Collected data
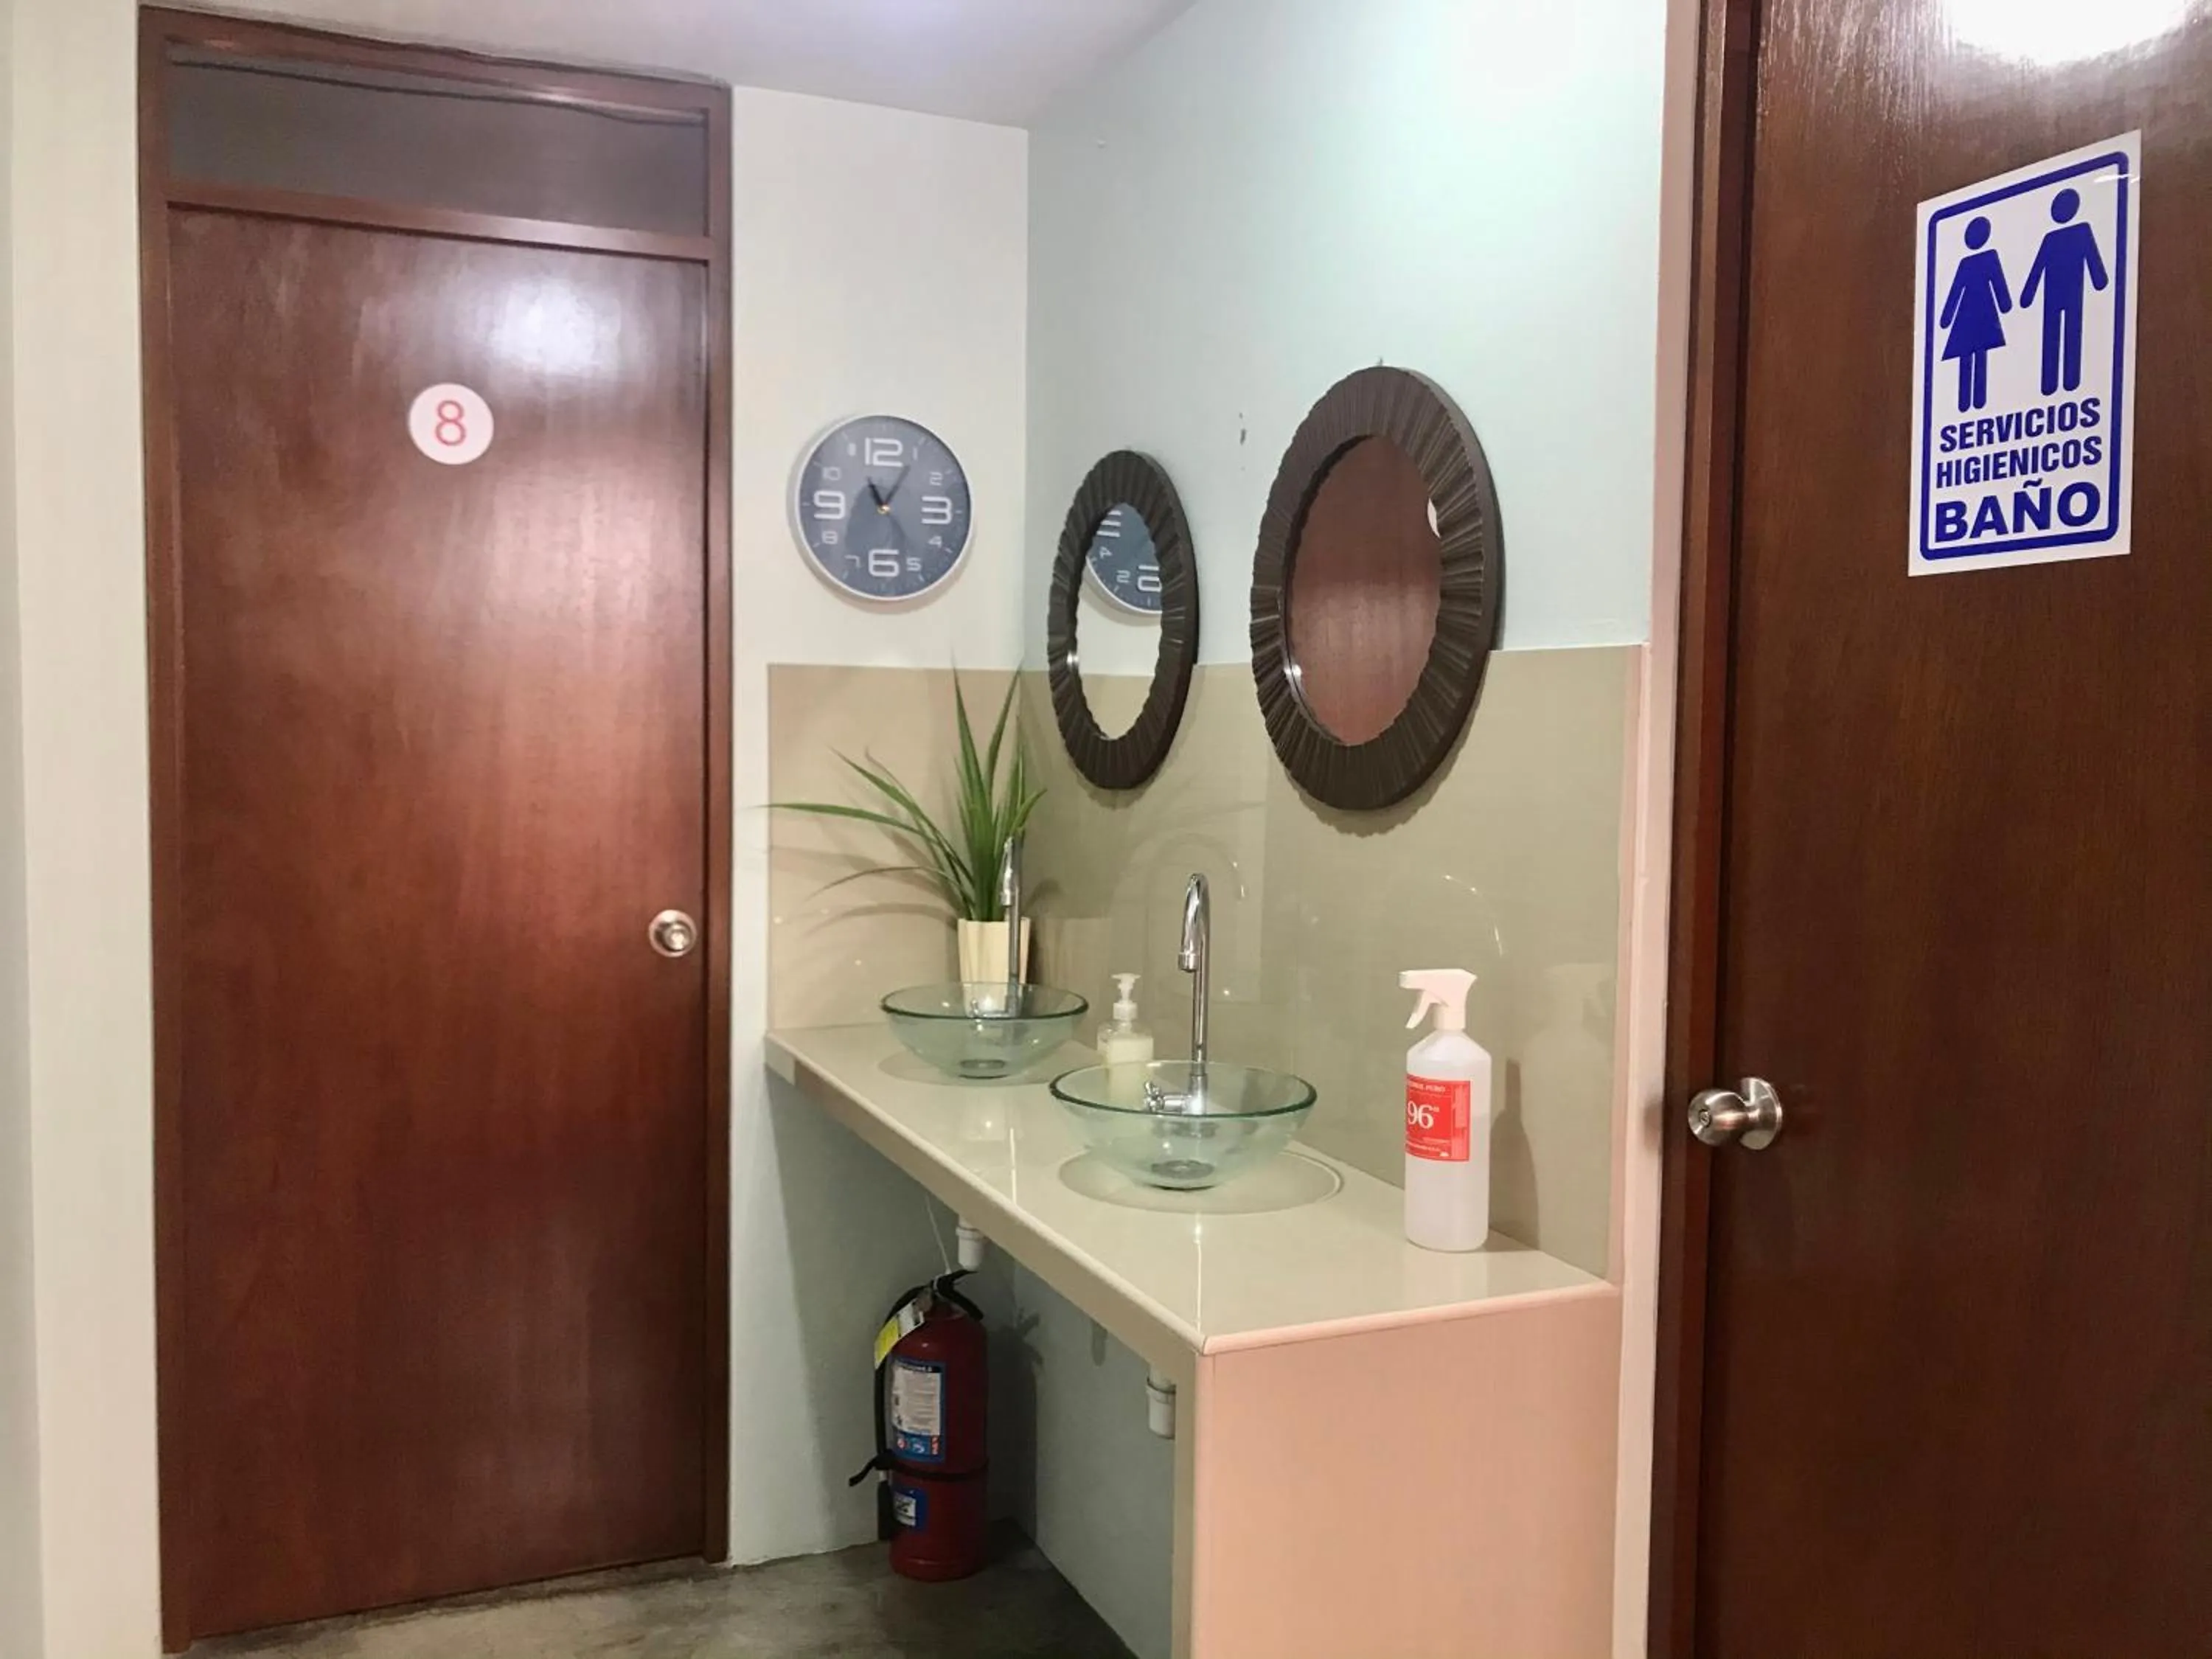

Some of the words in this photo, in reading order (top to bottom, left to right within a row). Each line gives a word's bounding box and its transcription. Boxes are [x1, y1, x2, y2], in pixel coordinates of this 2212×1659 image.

[436, 400, 465, 446] 8
[1939, 396, 2101, 453] SERVICIOS
[864, 437, 903, 467] 12
[912, 446, 918, 461] 1
[1935, 435, 2103, 489] HIGIENICOS
[930, 472, 942, 485] 2
[813, 490, 846, 520] 9
[921, 495, 953, 524] 3
[1934, 476, 2101, 543] BAÑO
[821, 531, 838, 544] 8
[928, 535, 942, 548] 4
[845, 554, 861, 568] 7
[868, 549, 900, 577] 6
[906, 557, 921, 571] 5

▶ Work task:
Without including the pictures, copy all of the data exactly.

▶ Result of the task:
Some of the words in this photo, in reading order (top to bottom, left to right within a row). Each line gives a word's bounding box and its transcription. Boxes are [x1, y1, x2, y2], in pixel coordinates of this 2212×1659 image.

[436, 400, 465, 446] 8
[1939, 396, 2101, 453] SERVICIOS
[864, 437, 903, 467] 12
[912, 446, 918, 461] 1
[1935, 435, 2103, 489] HIGIENICOS
[930, 472, 942, 485] 2
[813, 490, 846, 520] 9
[921, 495, 953, 524] 3
[1934, 476, 2101, 543] BAÑO
[821, 531, 838, 544] 8
[928, 535, 942, 548] 4
[845, 554, 861, 568] 7
[868, 549, 900, 577] 6
[906, 557, 921, 571] 5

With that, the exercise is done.